Weekend of fun with Spirit of Bermuda Rally
Visitors will enjoy Bermuda’s waters this month as the island hosts a series of sailing and fishing events starting today.
The inaugural three-day Spirit of Bermuda Rally and Festival of Sail is scheduled to begin with the arrival of four US yachts today, with a total of 22 crew members.
The yachts will compete against the Spirit of Bermuda, the Rising Son and others in the Bermuda Triangle offshore race on Saturday as the East End Mini Yacht Club celebrates its 52nd anniversary.
The event will continue on Sunday with the Festival of Sail in St George’s, which will feature pilot gig, Comet and Bermuda Fitted Dinghy races.
The organisers said the Covid-19 pandemic had disrupted the original plans, but they were determined the races would go ahead.
Alan Burland of the Bermuda Sloop Foundation said the Bermuda Rally was intended to showcase not only the foundation’s Spirit of Bermuda sail training ship, but also the young people who benefited from the programme.
He added: “We would love for everyone to come out and meet these wonderful people.
“It’s worrying to us that our budget was cut by two thirds post-Covid by the Ministry of Education.
“We have a big hill to climb, so we want to showcase the programme and what it means for Bermuda and hopefully in the process, we will showcase Bermuda as an oasis in the ocean, a safe haven for people to come to, be they tourists or business people.”
Mr Burland said the idea for the event came in March and was scheduled for June, but the date had to be pushed back because of the pandemic.
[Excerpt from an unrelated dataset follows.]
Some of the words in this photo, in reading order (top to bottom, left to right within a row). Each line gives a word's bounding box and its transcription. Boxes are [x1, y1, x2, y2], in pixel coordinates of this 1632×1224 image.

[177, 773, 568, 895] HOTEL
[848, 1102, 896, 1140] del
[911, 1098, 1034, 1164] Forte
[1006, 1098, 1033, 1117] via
He added: “Obviously, the phased lifting has helped us, but there were a lot of issues we had to address.
“When we pushed it into July, we pushed it further into hurricane season so the insurance premiums went up and the number of boats that were interested waned because of that.”
Mr Burland said that he had hoped to have more boats involved but pointed out that the predecessor to the Newport Bermuda Race started with only three vessels.
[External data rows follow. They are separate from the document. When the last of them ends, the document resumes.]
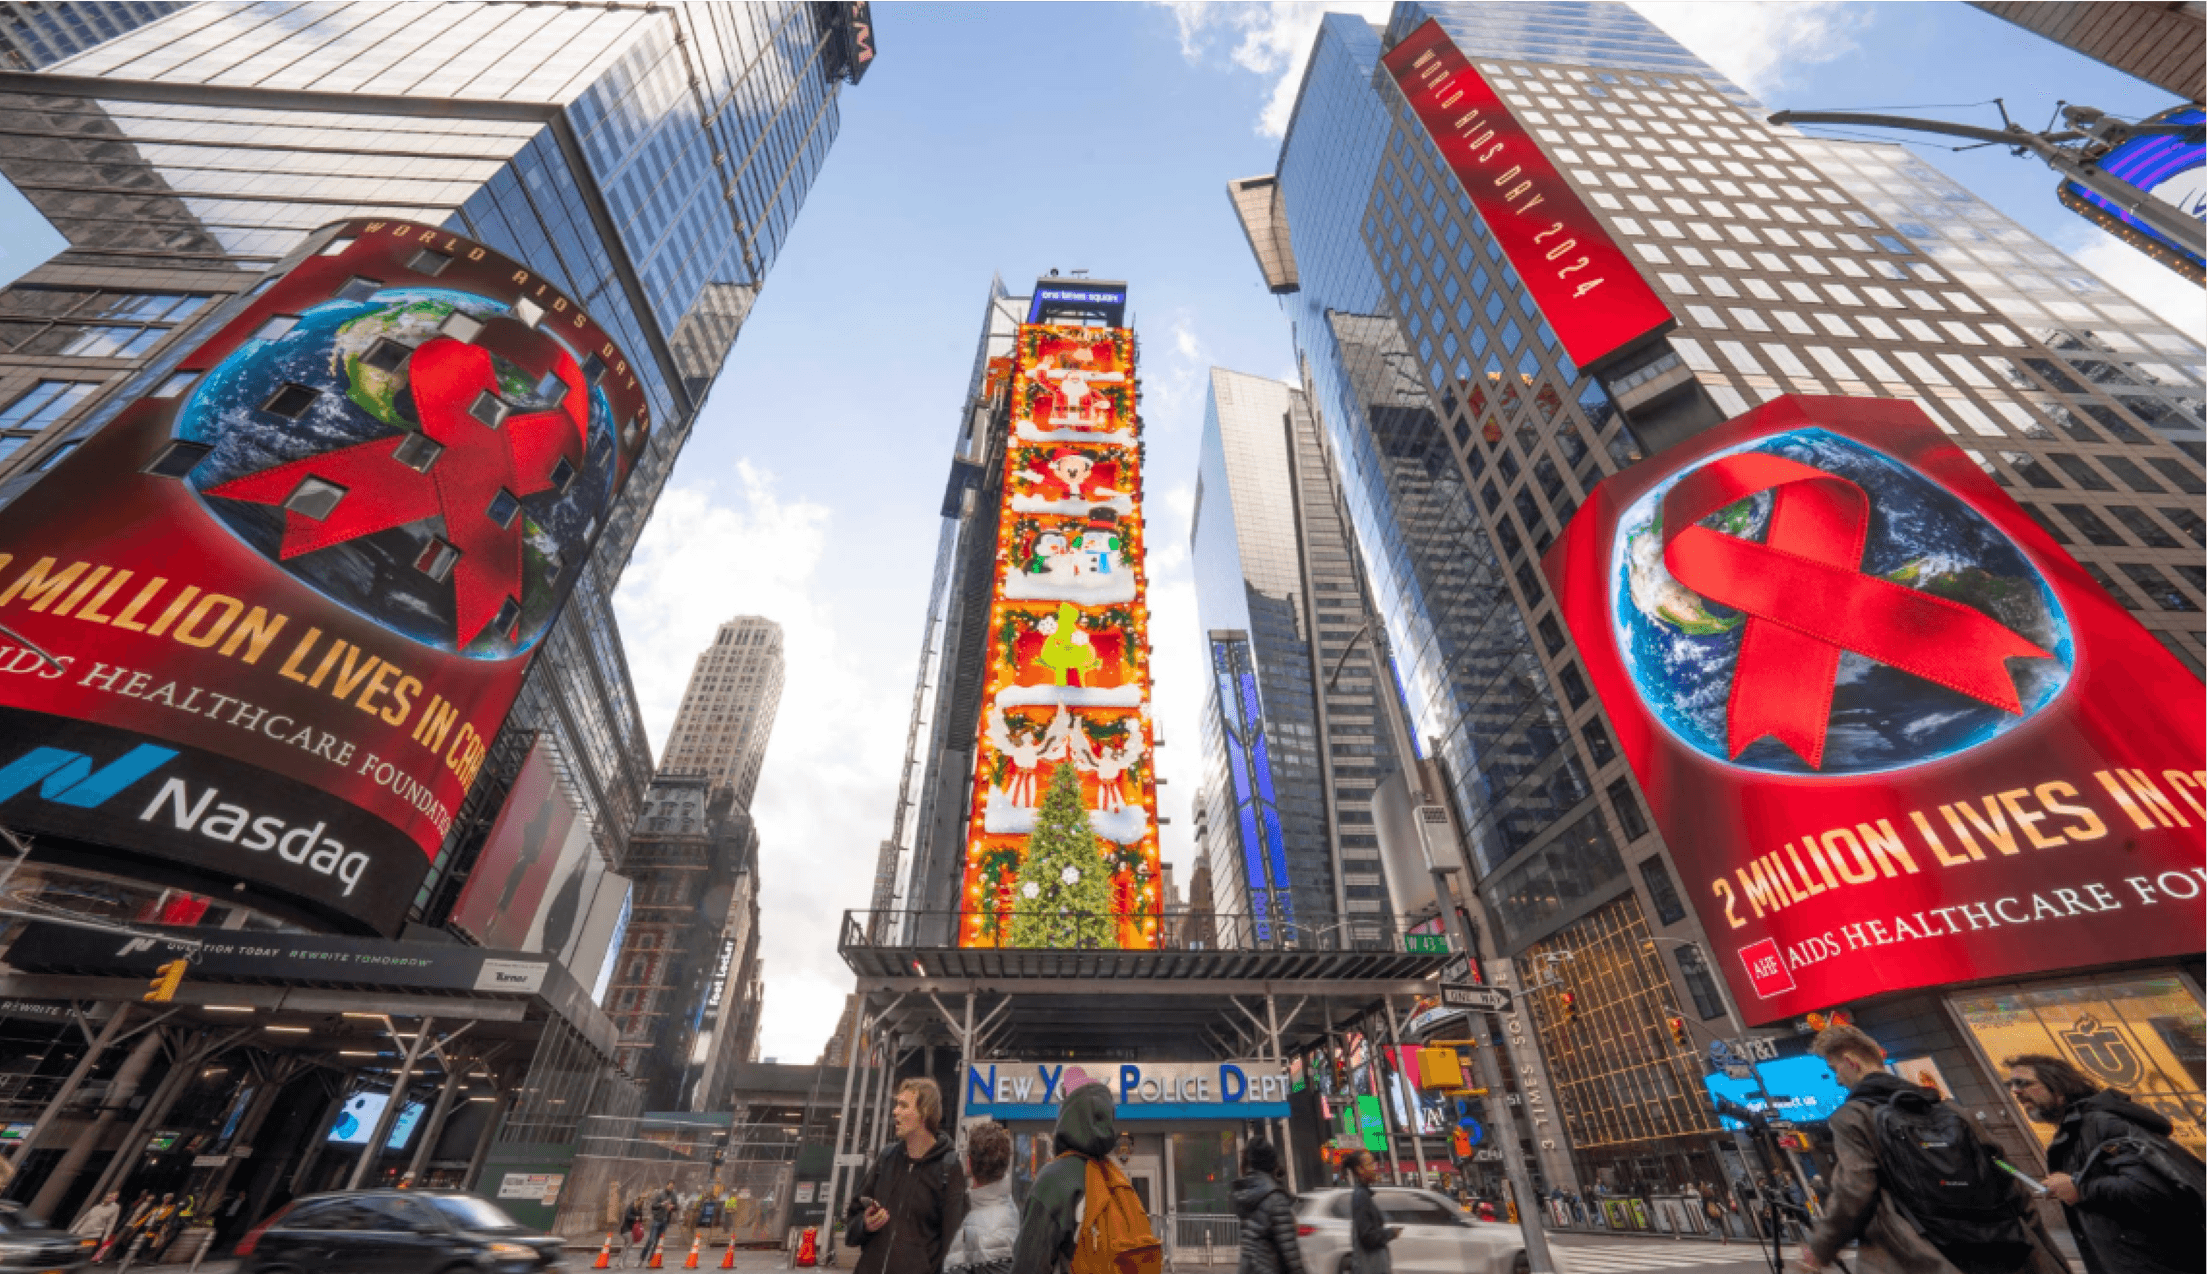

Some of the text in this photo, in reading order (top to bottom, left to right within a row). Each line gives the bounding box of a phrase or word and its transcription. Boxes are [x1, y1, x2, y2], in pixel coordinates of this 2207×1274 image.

[1413, 49, 1604, 299] WORLD AIDS DAY 2024
[365, 221, 486, 261] WORLD
[512, 270, 587, 328] AIDS
[602, 342, 635, 391] DAY
[0, 556, 289, 665] MILLION
[278, 626, 423, 727] LIVES
[411, 693, 459, 753] IN
[0, 645, 75, 680] IDS
[77, 662, 356, 766] HEALTHCARE
[139, 777, 370, 897] Nasdaq
[1712, 876, 1748, 930] 2
[1735, 818, 1920, 919] MILLION
[1908, 780, 2108, 868] LIVES
[2093, 769, 2192, 831] IN
[709, 940, 734, 1006] Foot Locker
[1753, 955, 1779, 980] AHF
[1788, 931, 1841, 970] AIDS
[1840, 882, 2122, 950] HEALTHCARE
[1119, 1064, 1209, 1104] POLICE
[1521, 1064, 1549, 1127] TIMES
[1541, 1138, 1556, 1151] 3
He added that international sailors were keen to return to Bermuda in the wake of Covid-19.
Mr Burland said: “The visiting yachts said they wanted to get out of the house and get their boats overboard.
“The discussions then were they would sail around Bermuda — they needed somewhere to go, but they weren’t going to stop. That’s how eager they were.
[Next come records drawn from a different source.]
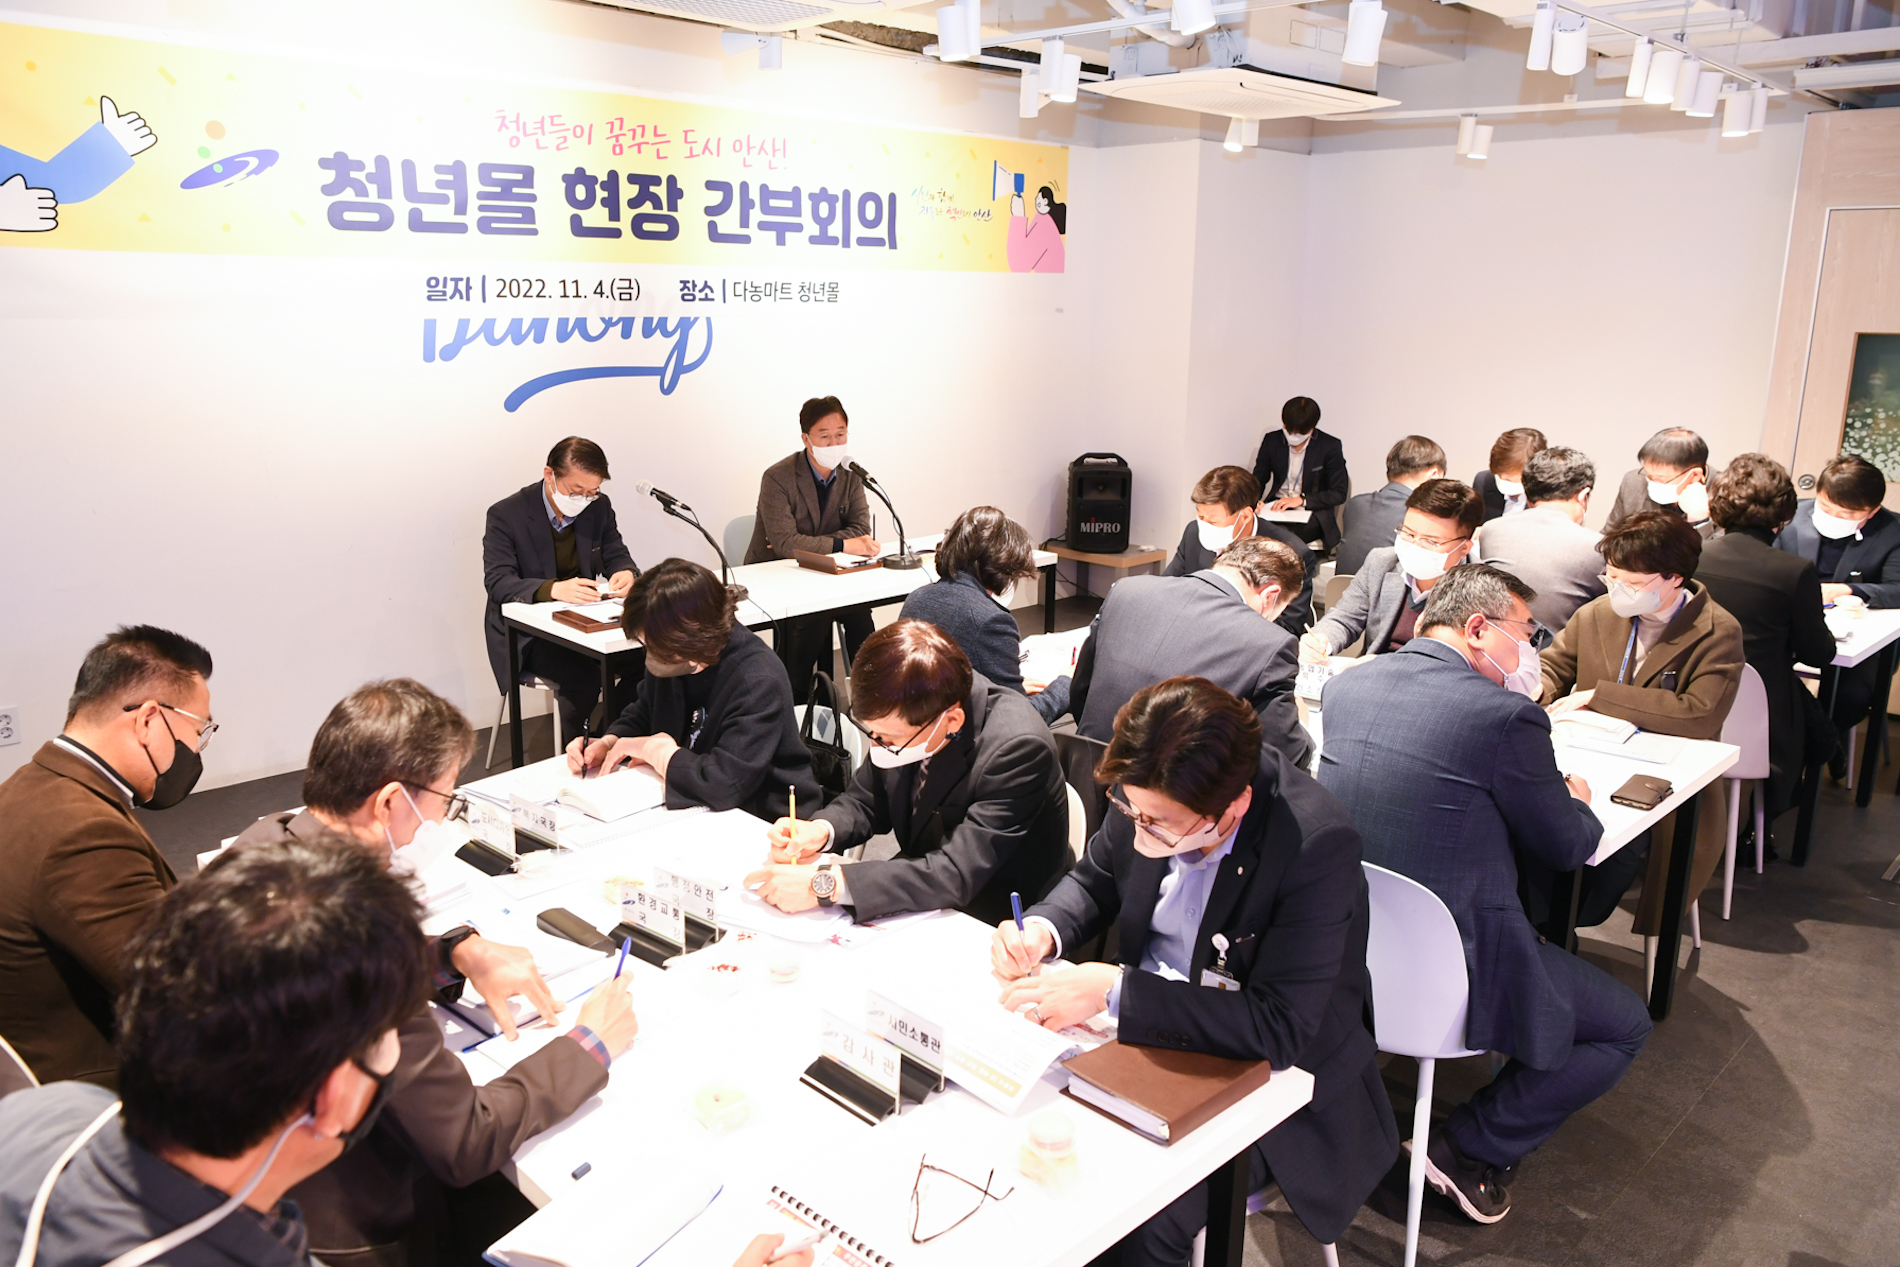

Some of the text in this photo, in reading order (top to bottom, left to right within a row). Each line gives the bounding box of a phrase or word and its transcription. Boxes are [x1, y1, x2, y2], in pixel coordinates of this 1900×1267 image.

[494, 109, 787, 170] 청년들이 꿈꾸는 도시 안산!
[318, 151, 898, 250] 청년몰 현장 간부회의
[973, 208, 993, 222] 안산
[426, 276, 840, 303] 일자 2022. 11. 4.(금) 장소 다농마트 청년몰
[671, 875, 714, 902] 행정안전
[637, 892, 680, 921] 환경교통
[888, 1014, 941, 1055] 시민소통관
“They love Bermuda, they love going to sea, and I’m certain we are going to see a big uptick in numbers next year.”
Mark Clarke, of the East End Mini Yacht Club, said the event has a special place in his heart.
The event will celebrate the anniversary of the EEMYC and the trophy for the rally was named in honour of his late father, Colin Clarke.
Mr Clarke said the trophy at first belonged to the late Warren Brown, who won it with War Baby in a 2003 competition.
He added: “It was very emotional, but the irony is that War Baby will be here this weekend under the name Isbjorn. We didn’t know that until the day before yesterday.
“So War Baby comes back home, the rededicated trophy was won by War Baby in Italy, and his nephew is a product of Spirit of Bermuda and a pilot for marine and ports.
“There’s a lot of symbolism and a lot of history tied to everything.”
Mr Clarke said strict safety measures would be enforced for the event, but spectators would be able to view the races from St George’s, St David’s or from their own boats.
He added: “Anyone who comes to the club can expect us to be very vigilant and very safe.”
Even more visitors are expected to arrive in Bermuda next week for the launch of the Bermuda Triple Crown — a trio of fishing events between July 15 and 26.
Dan Jacobs, one of the organisers, said competitive fishermen were also keen to return to the island and early indications suggest the fishing would be good.
He added: “We want to be in Bermuda and there was great passion from our participants and our staff to continue the fine tradition.
“We hung in there with the BTA and the Ministry of Health and just kept navigating and communicating. We probably had 1,000 man hours in communicating.
“Then, about two weeks ago, we had official notice of the protocols and it is cumbersome, but we have some intrepid participants that still wanted to come.
“We just need a little good weather and a little good luck.”
Mr Jacobs said this year’s event was organised with coronavirus safety in mind.
But he added: “The great thing about boats is you are socially distant. The guys on the boats stay on the boats and are not around anyone else.
“They get to enjoy what they love to do and that’s go fishing and try to have some fun.”
But Mr Jacobs said the traditional awards banquet would not be held for health reasons.
He added: “A lot of our game boats are already here, they are already following protocol, getting tested and fishing — and the bites have been pretty good, so anybody that’s not in Bermuda is going to miss it.”
Glenn Jones, the interim Bermuda Tourism Authority chief executive, said six international fishing boats were expected for the “condensed” competition series, along with two superyachts.
Mr Jones added: “If we make all the anglers who are not here jealous, than we have done our job.
“Let’s strive for that, and do it safely.”